Rice. 41. "Wheel of Laughter." People on the spinning circle are thrown off the edges.
The globe is, in essence, the same “wheel of laughter”, only of gigantic size. The earth, of course, does not throw us off itself, but it still reduces our weight. And at the equator, where the rotation speed is greatest, there is a decrease weight from this reason, it reaches 1/300th of a share. And together with another reason (compression of the Earth), the weight of each body at the equator decreases, in general, by half a percent (i.e., by 1/200), so that an adult weighs about 300 g less at the equator than at the pole.
Ink swirls
Pierce a circle of smooth white cardboard in the center with a pointed match; you will get the pinwheel shown in Fig. 42 on the left is approximately half life size. It doesn't require much dexterity to make it spin on the pointed end of a match; Just twist the match between your fingers and quickly drop the pinwheel onto a smooth place.
Rice. 42. How ink drops spread on a spinning paper mug.

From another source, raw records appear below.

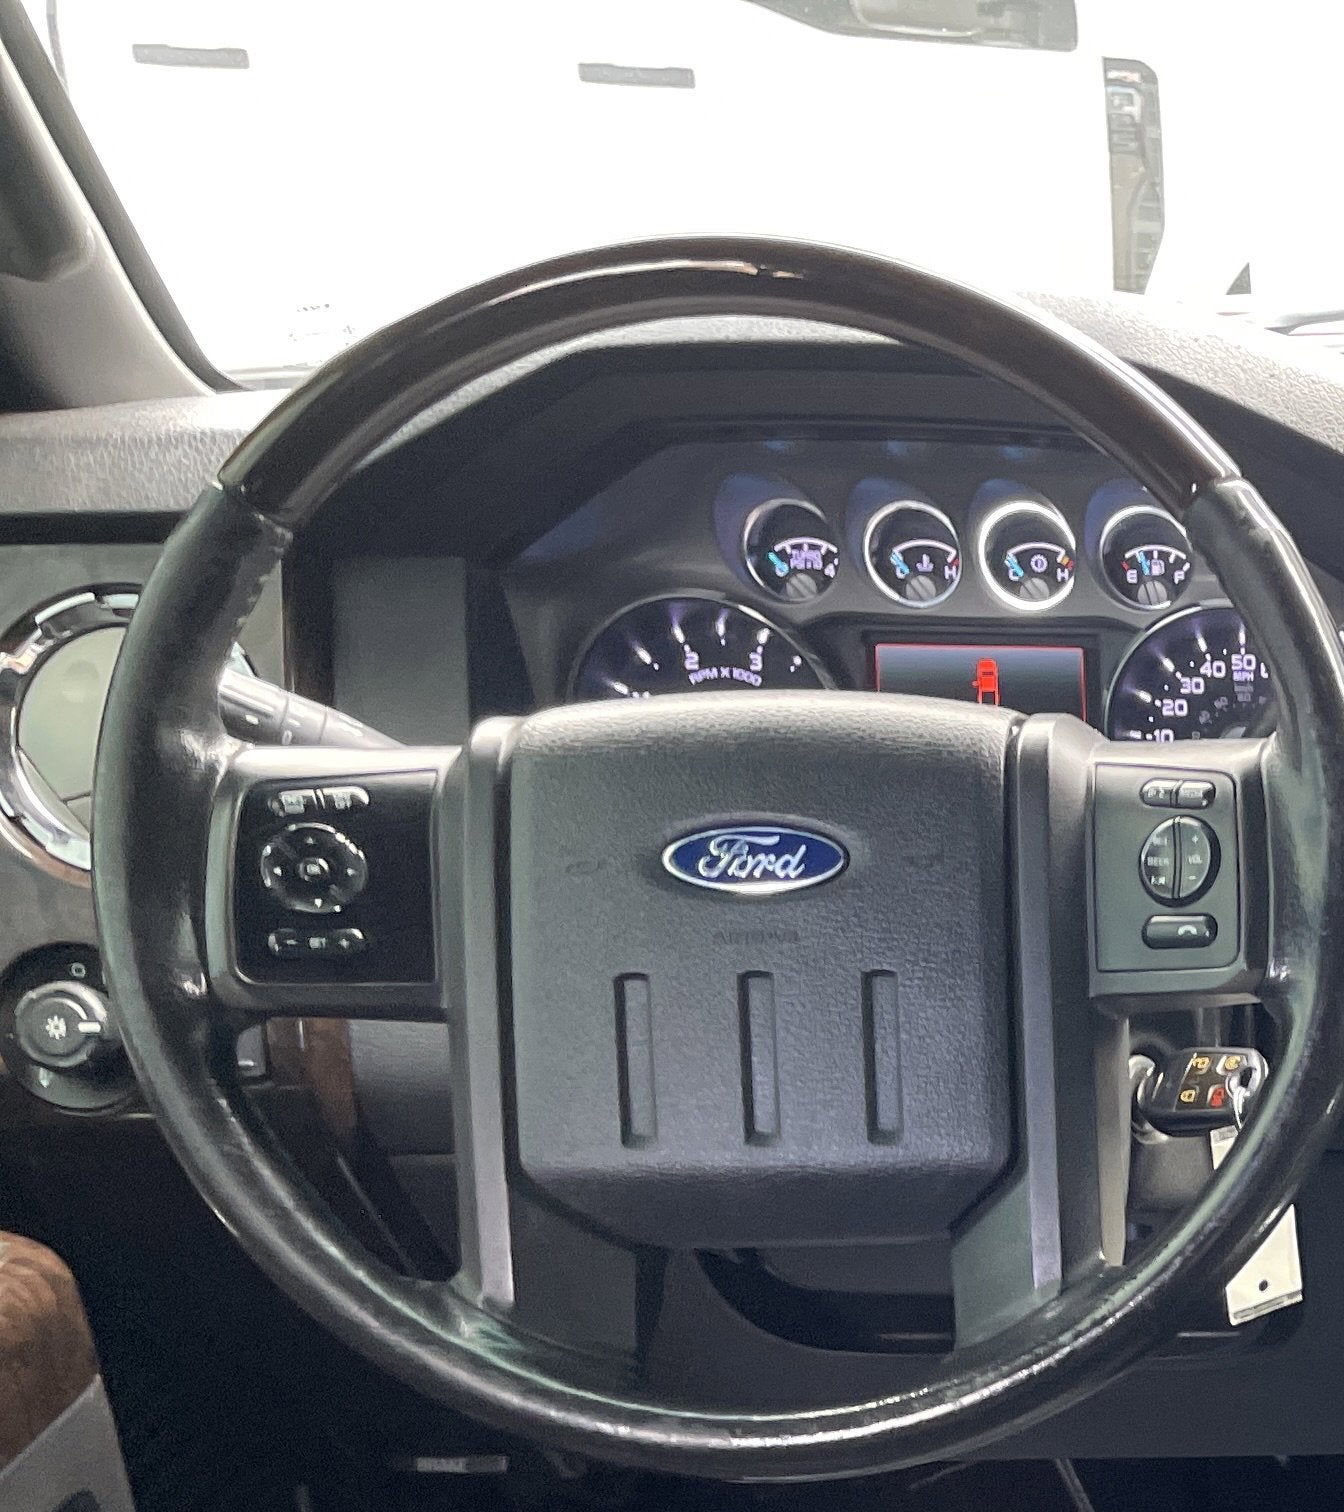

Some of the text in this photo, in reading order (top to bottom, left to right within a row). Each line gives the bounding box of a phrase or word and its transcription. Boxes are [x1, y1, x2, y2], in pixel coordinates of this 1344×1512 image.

[944, 566, 957, 582] H
[1057, 568, 1069, 582] H
[1126, 569, 1138, 584] E
[1174, 570, 1185, 584] F
[684, 651, 699, 671] 2
[749, 652, 763, 671] 3
[1200, 660, 1226, 678] 40
[1231, 653, 1256, 671] 50
[688, 667, 718, 686] RPM
[732, 667, 763, 688] 1000
[1180, 676, 1205, 695] 30
[1233, 671, 1254, 682] MPH
[1162, 698, 1188, 717] 20
[1153, 729, 1174, 743] 10
[698, 835, 806, 879] Ford

With such a turntable you can do a very revealing experiment. Before swirling it, apply a few small drops of ink to the top of the circle. Without letting them dry out, make the pinwheel spin. When it stops, look what happened to the drops: each of them spread into a spiral line, and all these curls together create a kind of vortex.
The resemblance to a vortex is not accidental. What do the ink swirls on a cardboard mug say? These are traces of the movement of ink drops. The drop undergoes the same thing that a person experiences on the rotating disk of the “wheel of laughter”. Carrying away from the center by the centrifugal effect, it ends up in places on the disk that have a greater circular speed than the speed of the drop itself. In these places, the circle slips out from under the drop and gets ahead of it. The situation occurs as if the drop lags behind the circle, retreats back from the radius. Its path is therefore curved, and we see on the mug a trace of curvilinear movement.

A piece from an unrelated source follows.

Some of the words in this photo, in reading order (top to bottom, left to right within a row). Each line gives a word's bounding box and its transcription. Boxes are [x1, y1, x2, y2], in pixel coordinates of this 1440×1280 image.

Air currents diverging from a place undergo the same thing. high pressure atmospheres (in "anticyclones") or converging to a place of low pressure (in "cyclones"). Ink swirls are a smaller version of these gigantic air vortices.
Deceived plant
With rapid rotation, the centrifugal effect can reach such a magnitude that it exceeds the effect of gravity. Here is an interesting experiment showing what a significant throwing force develops when an ordinary wheel rotates. We know that a young plant always directs its stem in the direction opposite to gravity, i.e., simply put, it grows upward. But make seeds germinate on the rim of a rapidly rotating wheel, as the English botanist Knight first did more than a hundred years ago. You will see an amazing thing: the roots of the sprouts will be directed outward, and the stems will be directed inward, along the radii of the wheel (Fig. 43).

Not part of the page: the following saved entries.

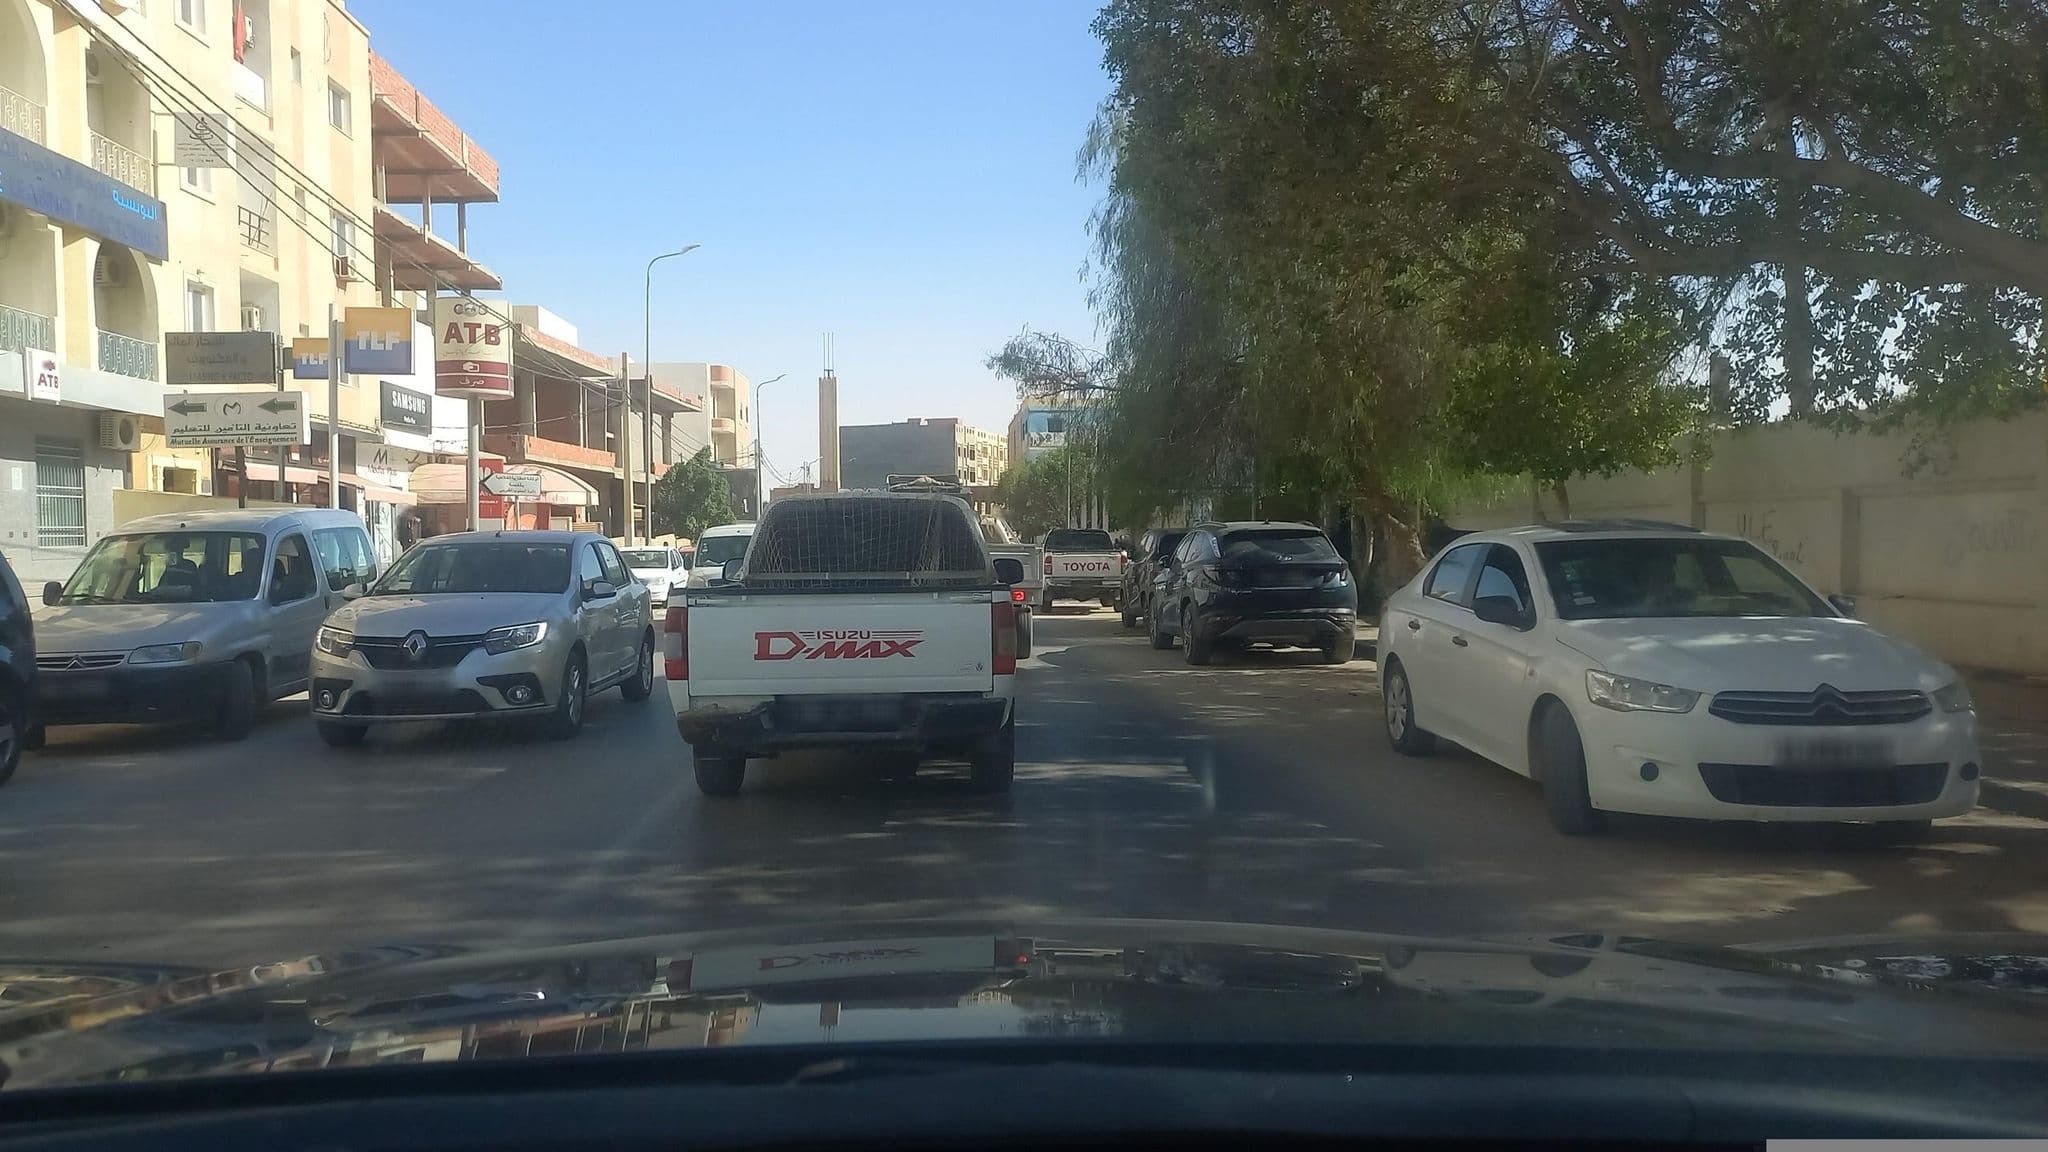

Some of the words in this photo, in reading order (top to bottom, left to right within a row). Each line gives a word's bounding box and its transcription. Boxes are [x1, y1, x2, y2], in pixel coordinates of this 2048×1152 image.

[356, 330, 400, 350] TLF
[443, 322, 501, 346] ATB
[301, 352, 328, 365] TLF
[37, 373, 59, 389] ATB
[392, 391, 426, 414] SAMSUNG
[172, 424, 211, 434] للتعليم
[254, 422, 297, 431] تعاونية
[169, 438, 201, 446] Mutuelle
[245, 435, 297, 445] l'Enseignement
[1063, 562, 1110, 572] TOYOTA
[816, 630, 871, 640] ISUZU
[753, 631, 925, 661] D-MAX
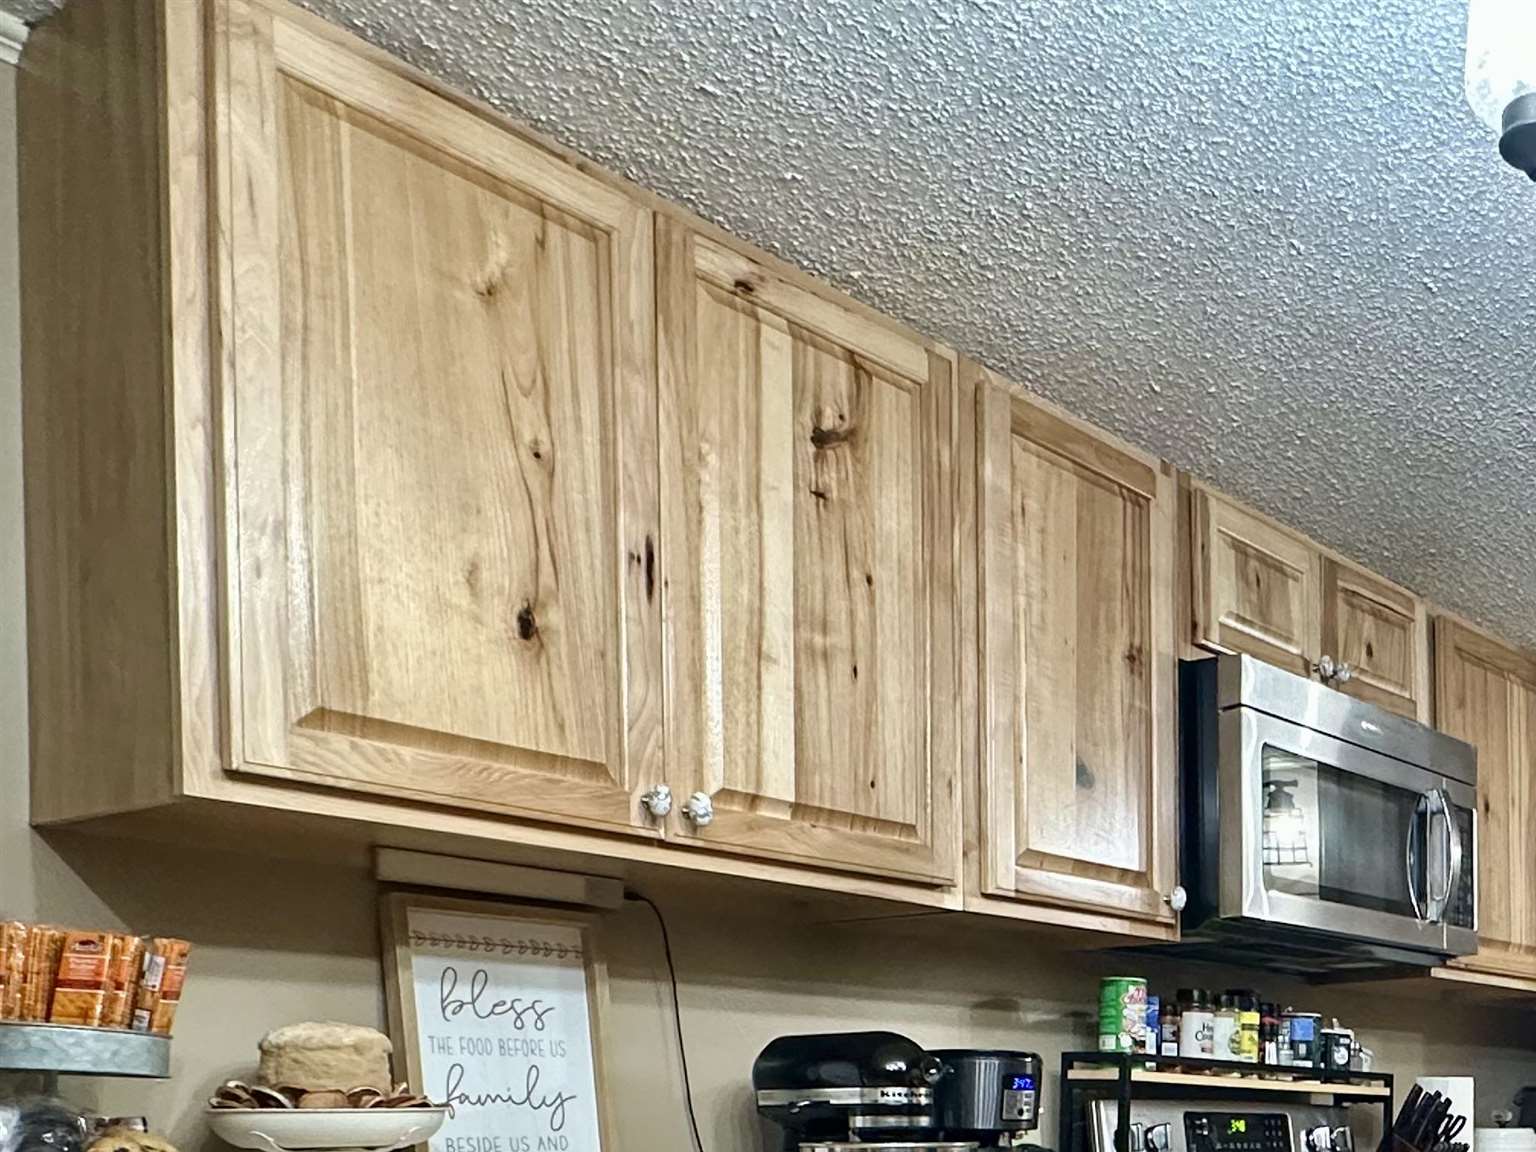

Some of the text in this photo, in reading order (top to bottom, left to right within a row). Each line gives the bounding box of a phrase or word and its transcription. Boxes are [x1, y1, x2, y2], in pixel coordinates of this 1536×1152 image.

Rice. 43. Bean seeds sprouted on the rim of a rotating wheel. The stems are directed towards the axis, the roots are directed outwards.
It’s as if we deceived the plant: instead of gravity, we forced another force to influence it, the action of which is directed outward from the center of the wheel. And since the sprout always stretches in the direction opposite to gravity, in this case it stretched inside the wheel, in the direction from the rim to the axle. Our artificial gravity turned out to be stronger than natural gravity [The modern view of the nature of gravity does not see a fundamental difference here, however.], and the young plant grew under its influence.
"Perpetual motion machines"
They often talk about “perpetual motion”, “perpetual motion” both in the literal and figurative sense of the word, but not everyone is aware of what, in fact, should be meant by this expression. A perpetual motion machine is an imaginary mechanism that continuously moves itself and, in addition, does some other useful work (for example, lifts a load). No one has been able to build such a mechanism, although attempts have been made to invent it for a long time. The futility of these attempts led to the firm conviction of the impossibility of perpetual motion and to the establishment of the law of conservation of energy - the fundamental statement of modern science. As for perpetual motion, this expression means continuous movement without doing work.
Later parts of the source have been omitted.